Work instructions: Spot each line in the records below where the word "HIỆP" occurs, then copy it.

(Free-text object descriptions)
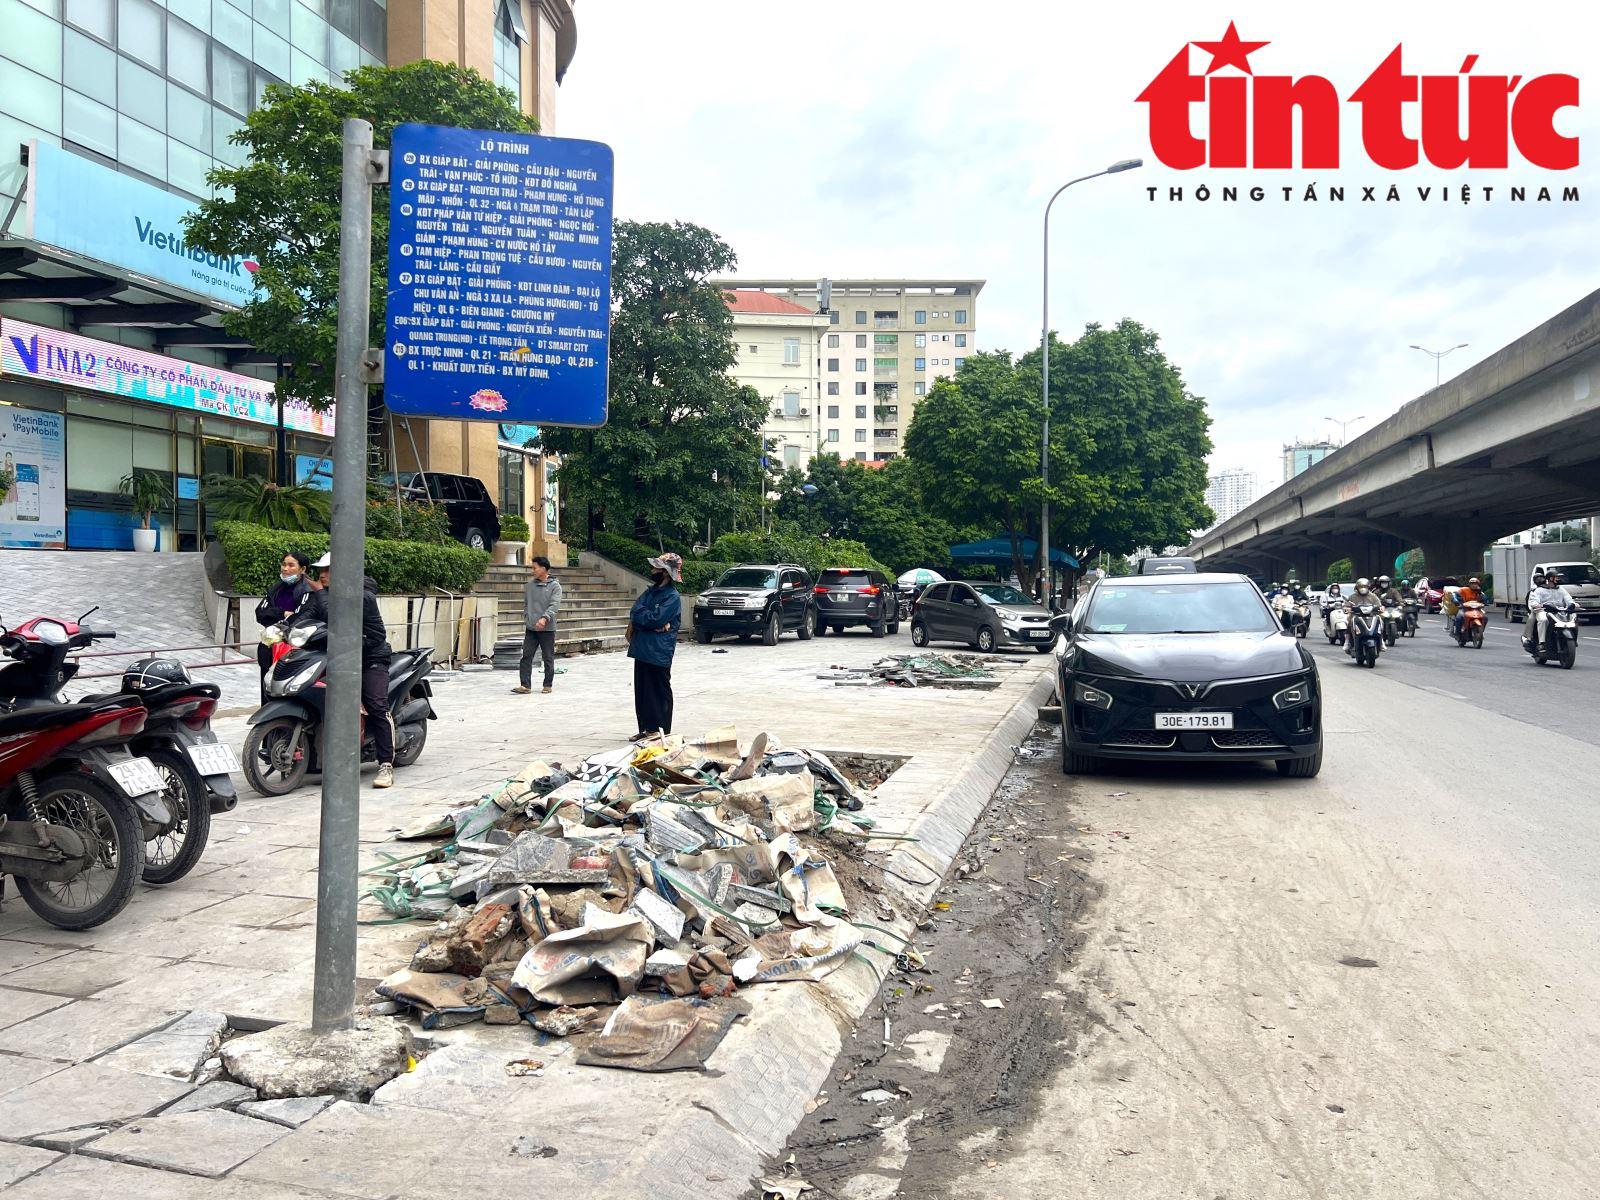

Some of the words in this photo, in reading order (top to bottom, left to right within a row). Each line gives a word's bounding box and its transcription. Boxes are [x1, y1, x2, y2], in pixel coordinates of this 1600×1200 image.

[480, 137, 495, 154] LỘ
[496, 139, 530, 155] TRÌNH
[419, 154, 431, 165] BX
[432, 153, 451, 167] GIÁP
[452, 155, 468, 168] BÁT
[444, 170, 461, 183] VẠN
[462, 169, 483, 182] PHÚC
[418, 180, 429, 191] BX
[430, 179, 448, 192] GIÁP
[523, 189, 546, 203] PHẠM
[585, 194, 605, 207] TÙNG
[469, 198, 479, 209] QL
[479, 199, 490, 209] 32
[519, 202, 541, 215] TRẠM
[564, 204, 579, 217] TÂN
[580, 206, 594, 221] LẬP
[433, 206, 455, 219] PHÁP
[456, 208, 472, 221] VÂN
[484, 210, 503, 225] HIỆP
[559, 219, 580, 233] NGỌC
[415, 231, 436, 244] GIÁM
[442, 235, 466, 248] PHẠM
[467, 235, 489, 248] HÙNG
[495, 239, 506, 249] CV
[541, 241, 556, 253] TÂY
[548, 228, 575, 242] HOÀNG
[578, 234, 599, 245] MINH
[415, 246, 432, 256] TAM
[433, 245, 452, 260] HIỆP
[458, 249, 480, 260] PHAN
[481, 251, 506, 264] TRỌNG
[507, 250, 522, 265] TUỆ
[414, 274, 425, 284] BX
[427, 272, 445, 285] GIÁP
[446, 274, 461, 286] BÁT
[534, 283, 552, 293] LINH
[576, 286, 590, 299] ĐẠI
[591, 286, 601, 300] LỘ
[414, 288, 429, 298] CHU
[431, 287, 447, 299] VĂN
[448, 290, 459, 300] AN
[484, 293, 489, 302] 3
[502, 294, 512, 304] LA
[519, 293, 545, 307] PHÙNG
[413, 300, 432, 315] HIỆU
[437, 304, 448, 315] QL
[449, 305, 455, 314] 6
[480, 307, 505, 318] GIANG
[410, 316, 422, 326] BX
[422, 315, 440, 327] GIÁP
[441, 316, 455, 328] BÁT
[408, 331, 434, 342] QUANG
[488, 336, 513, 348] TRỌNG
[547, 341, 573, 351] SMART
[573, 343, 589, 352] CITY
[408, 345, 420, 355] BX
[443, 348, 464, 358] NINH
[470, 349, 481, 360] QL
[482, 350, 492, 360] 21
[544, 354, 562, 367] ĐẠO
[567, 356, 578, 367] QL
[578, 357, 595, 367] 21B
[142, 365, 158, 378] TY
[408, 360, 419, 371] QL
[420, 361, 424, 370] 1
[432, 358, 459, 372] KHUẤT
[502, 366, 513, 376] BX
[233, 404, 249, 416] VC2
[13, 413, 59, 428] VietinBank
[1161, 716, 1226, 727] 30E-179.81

Result of the exercise:
[484, 210, 503, 225] HIỆP
[433, 245, 452, 260] HIỆP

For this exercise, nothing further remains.